» Exercise input:

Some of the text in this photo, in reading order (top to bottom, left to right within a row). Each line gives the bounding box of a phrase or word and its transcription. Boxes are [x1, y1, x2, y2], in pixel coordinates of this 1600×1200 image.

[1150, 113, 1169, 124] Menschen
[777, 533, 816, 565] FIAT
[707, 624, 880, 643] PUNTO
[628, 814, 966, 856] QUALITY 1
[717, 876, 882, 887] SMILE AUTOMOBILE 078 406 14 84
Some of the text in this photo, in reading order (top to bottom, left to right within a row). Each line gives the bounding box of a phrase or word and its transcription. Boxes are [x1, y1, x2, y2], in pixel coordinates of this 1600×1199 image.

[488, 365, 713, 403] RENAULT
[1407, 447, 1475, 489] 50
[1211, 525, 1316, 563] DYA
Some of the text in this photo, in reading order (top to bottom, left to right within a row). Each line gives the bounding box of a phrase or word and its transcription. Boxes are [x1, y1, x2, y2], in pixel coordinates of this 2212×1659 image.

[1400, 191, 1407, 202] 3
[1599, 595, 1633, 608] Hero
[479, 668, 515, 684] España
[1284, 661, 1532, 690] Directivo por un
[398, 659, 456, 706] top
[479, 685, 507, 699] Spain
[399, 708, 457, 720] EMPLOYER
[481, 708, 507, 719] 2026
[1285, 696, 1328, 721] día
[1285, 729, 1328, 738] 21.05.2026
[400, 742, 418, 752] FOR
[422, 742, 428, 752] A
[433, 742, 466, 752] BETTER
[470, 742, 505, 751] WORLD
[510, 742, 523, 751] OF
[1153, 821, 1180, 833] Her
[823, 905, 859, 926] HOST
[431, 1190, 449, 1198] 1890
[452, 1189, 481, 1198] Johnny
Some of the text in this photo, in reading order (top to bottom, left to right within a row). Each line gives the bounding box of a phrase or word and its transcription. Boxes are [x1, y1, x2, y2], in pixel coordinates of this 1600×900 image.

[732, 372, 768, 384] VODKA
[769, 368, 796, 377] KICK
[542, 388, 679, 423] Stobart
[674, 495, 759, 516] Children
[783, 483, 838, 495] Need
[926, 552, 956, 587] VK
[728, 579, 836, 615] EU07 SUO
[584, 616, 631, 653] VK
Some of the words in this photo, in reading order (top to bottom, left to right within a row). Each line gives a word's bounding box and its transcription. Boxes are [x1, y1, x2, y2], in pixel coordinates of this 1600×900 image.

» Exercise brief: Output the records verbatim, from the first line to the last.

» Solution to this problem:
Some of the text in this photo, in reading order (top to bottom, left to right within a row). Each line gives the bounding box of a phrase or word and its transcription. Boxes are [x1, y1, x2, y2], in pixel coordinates of this 1600×1200 image.

[1150, 113, 1169, 124] Menschen
[777, 533, 816, 565] FIAT
[707, 624, 880, 643] PUNTO
[628, 814, 966, 856] QUALITY 1
[717, 876, 882, 887] SMILE AUTOMOBILE 078 406 14 84
Some of the text in this photo, in reading order (top to bottom, left to right within a row). Each line gives the bounding box of a phrase or word and its transcription. Boxes are [x1, y1, x2, y2], in pixel coordinates of this 1600×1199 image.

[488, 365, 713, 403] RENAULT
[1407, 447, 1475, 489] 50
[1211, 525, 1316, 563] DYA
Some of the text in this photo, in reading order (top to bottom, left to right within a row). Each line gives the bounding box of a phrase or word and its transcription. Boxes are [x1, y1, x2, y2], in pixel coordinates of this 2212×1659 image.

[1400, 191, 1407, 202] 3
[1599, 595, 1633, 608] Hero
[479, 668, 515, 684] España
[1284, 661, 1532, 690] Directivo por un
[398, 659, 456, 706] top
[479, 685, 507, 699] Spain
[399, 708, 457, 720] EMPLOYER
[481, 708, 507, 719] 2026
[1285, 696, 1328, 721] día
[1285, 729, 1328, 738] 21.05.2026
[400, 742, 418, 752] FOR
[422, 742, 428, 752] A
[433, 742, 466, 752] BETTER
[470, 742, 505, 751] WORLD
[510, 742, 523, 751] OF
[1153, 821, 1180, 833] Her
[823, 905, 859, 926] HOST
[431, 1190, 449, 1198] 1890
[452, 1189, 481, 1198] Johnny
Some of the text in this photo, in reading order (top to bottom, left to right within a row). Each line gives the bounding box of a phrase or word and its transcription. Boxes are [x1, y1, x2, y2], in pixel coordinates of this 1600×900 image.

[732, 372, 768, 384] VODKA
[769, 368, 796, 377] KICK
[542, 388, 679, 423] Stobart
[674, 495, 759, 516] Children
[783, 483, 838, 495] Need
[926, 552, 956, 587] VK
[728, 579, 836, 615] EU07 SUO
[584, 616, 631, 653] VK
Some of the words in this photo, in reading order (top to bottom, left to right within a row). Each line gives a word's bounding box and its transcription. Boxes are [x1, y1, x2, y2], in pixel coordinates of this 1600×900 image.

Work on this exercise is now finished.